In this embodiment, metal is deposited on the gate insulating film 7 in the High Speed region, on the gate insulating film 7 in the Standard region, and on the gate insulating film 7 in the Low Leak region. Not limited to this, High
Although metal is deposited on the gate insulating film 7 in the Speed region and on the gate insulating film 7 in the Standard region, the metal may not be deposited on the gate insulating film 7 in the Low Leak region. In this case, it is possible to prevent the metal from adhering to the gate insulating film 7 in the low leak region by omitting the steps described with reference to FIGS.

  Further, metal is deposited on the gate insulating film 7 in the High Speed region and on the gate insulating film 7 in the Low Leak region, but metal may not be deposited on the gate insulating film 7 in the Standard region. Good. In this case, it is possible to prevent metal from adhering to the gate insulating film 7 in the Standard region by omitting the steps described with reference to FIGS.

  Further, metal is deposited on the gate insulating film 7 in the Standard region and on the gate insulating film 7 in the Low Leak region, but metal may not be deposited on the gate insulating film 7 in the High Speed region. Good. In this case, it is possible to prevent metal from adhering to the gate insulating film 7 in the Standard region by omitting the steps described in FIGS. 2 to 4 of the first embodiment.

In the present embodiment, an example in which a p-type (p-channel) MOSFET or an n-type (n-channel) MOSFET is manufactured has been described. However, the present invention is not limited to this, and the semiconductor device according to the present embodiment and its It is possible to apply a manufacturing method.

In this embodiment, an example of manufacturing three types of MOSFETs, a high speed MOSFET, a standard MOSFET, and a low leak MOSFET has been shown. However, the present invention is not limited to this, and when four or more MOSFETs having different threshold voltages are manufactured. It is also possible to apply the semiconductor device and the manufacturing method thereof according to this embodiment.

  According to the semiconductor device and the manufacturing method thereof according to the present embodiment, the threshold voltage of the MOSFET can be adjusted to a desired voltage. That is, the dose amount of the impurity ion-implanted into the region where the MOSFET of the semiconductor substrate 2 is formed, the kind of metal deposited on the gate insulating film 7 and the surface density are determined. Ions are implanted into the region of the semiconductor substrate 2 where the MOSFET is to be formed with the determined dose, and the threshold voltage of the MOSFET is reduced by depositing metal on the gate insulating film 7 with the determined type and surface density of the metal.

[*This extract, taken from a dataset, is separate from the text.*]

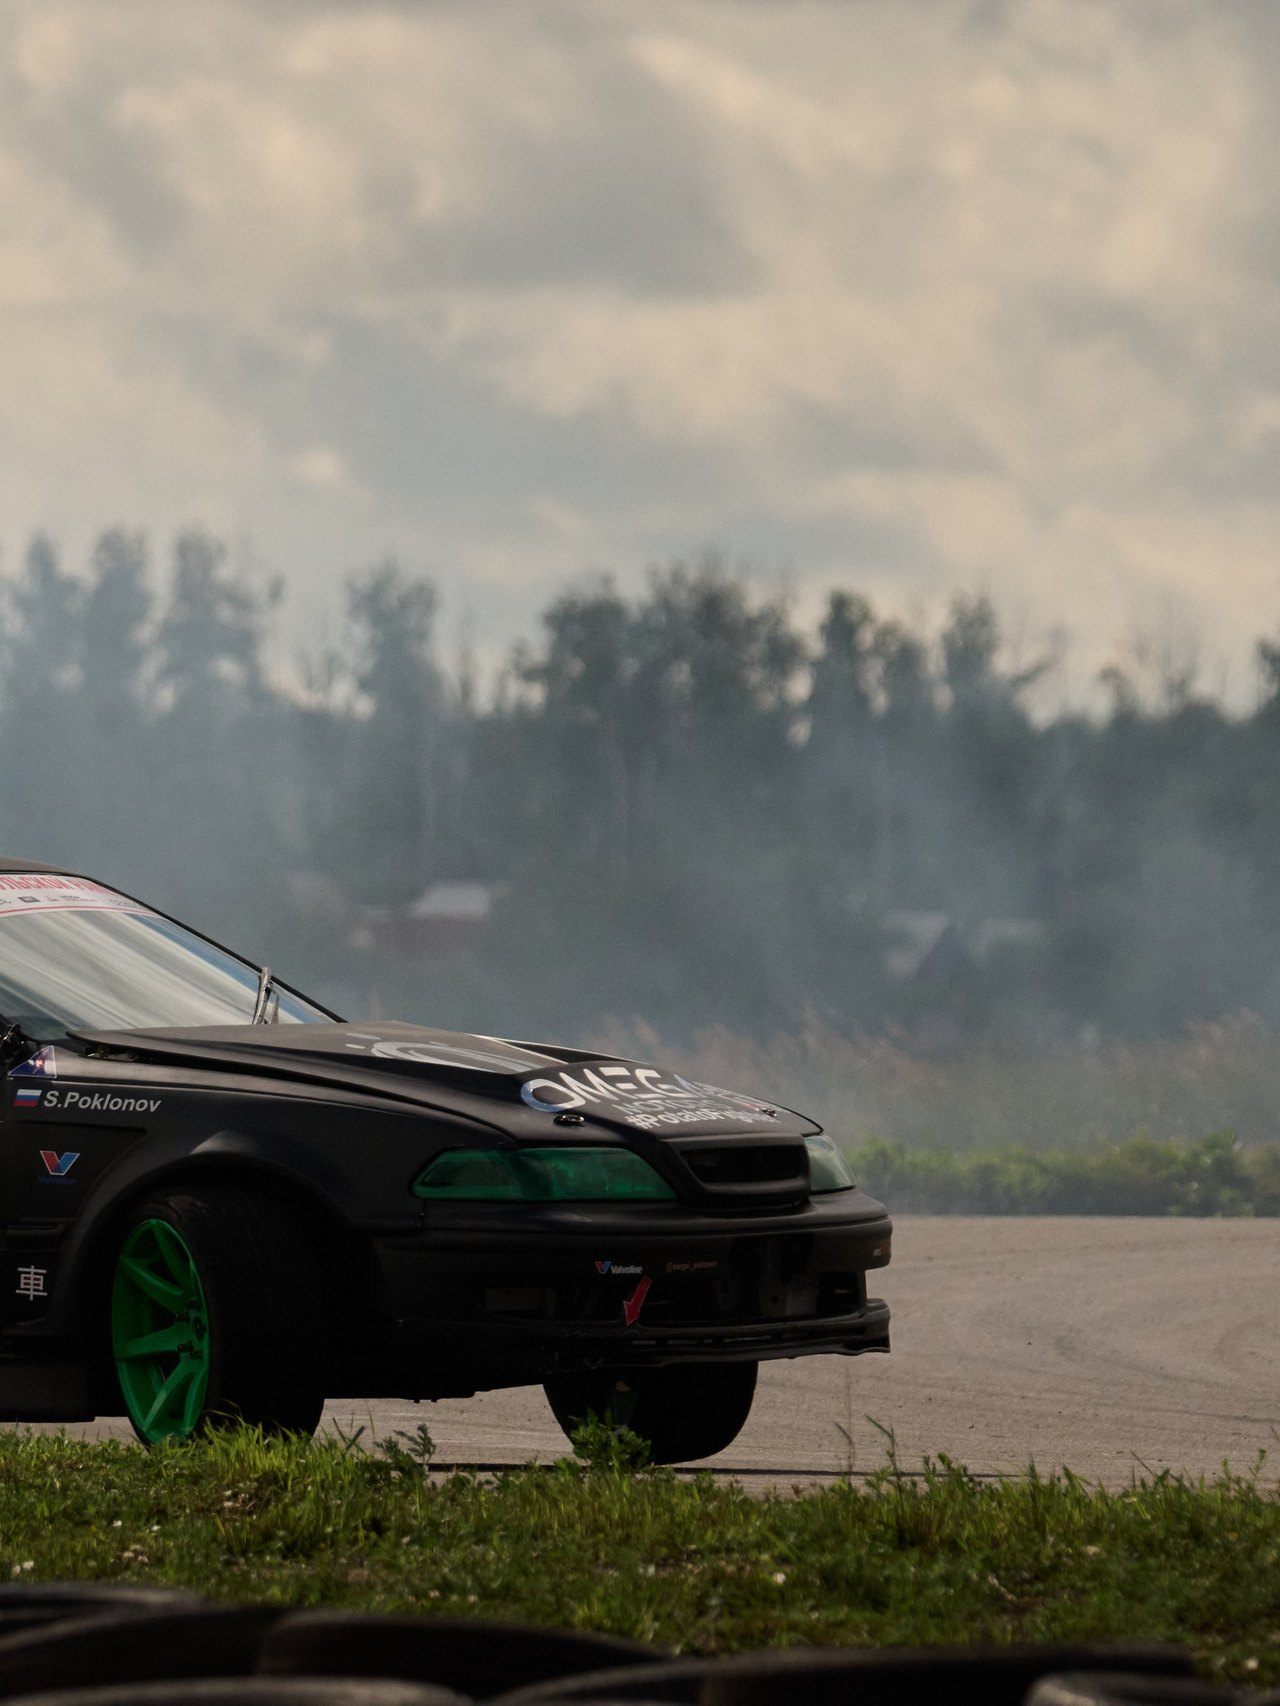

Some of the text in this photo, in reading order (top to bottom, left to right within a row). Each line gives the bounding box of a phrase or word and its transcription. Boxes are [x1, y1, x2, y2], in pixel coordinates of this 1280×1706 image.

It can be adjusted to a desired voltage.

  Further, according to the semiconductor device and the manufacturing method thereof according to the present embodiment, the threshold voltage can be adjusted to a desired voltage for each MOSFET having a different threshold voltage. That is, the dose amount of the impurity ion-implanted into the region where the MOSFET of the semiconductor substrate 2 is formed, the kind of metal deposited on the gate insulating film 7 and the surface density are determined for each MOSFET having different threshold voltages. With the determined dose amount, ion implantation is performed for each region where MOSFETs having different threshold voltages of the semiconductor substrate 2 are formed. A metal is deposited on the gate insulating film 7 in each region where MOSFETs having different threshold voltages of the semiconductor substrate 2 are formed with the determined metal type and surface density. Thereby, the threshold voltage can be adjusted to a desired voltage for each MOSFET having a different threshold voltage.

<Modification>
With reference to FIGS. 23 to 25, a semiconductor device and a manufacturing method thereof according to this modification will be described. In the second embodiment, an example is shown in which the metal is deposited on the gate insulating film 7 in the Standard region and on the gate insulating film 7 in the Low Leak region in separate steps. Not limited to this, the metal may be deposited on the gate insulating film 7 in the Standard region and on the gate insulating film 7 in the Low Leak region in the same process. In this modification, an example will be described in which metal is deposited on the gate insulating film 7 in the Standard region and on the gate insulating film 7 in the Low Leak region in the same process.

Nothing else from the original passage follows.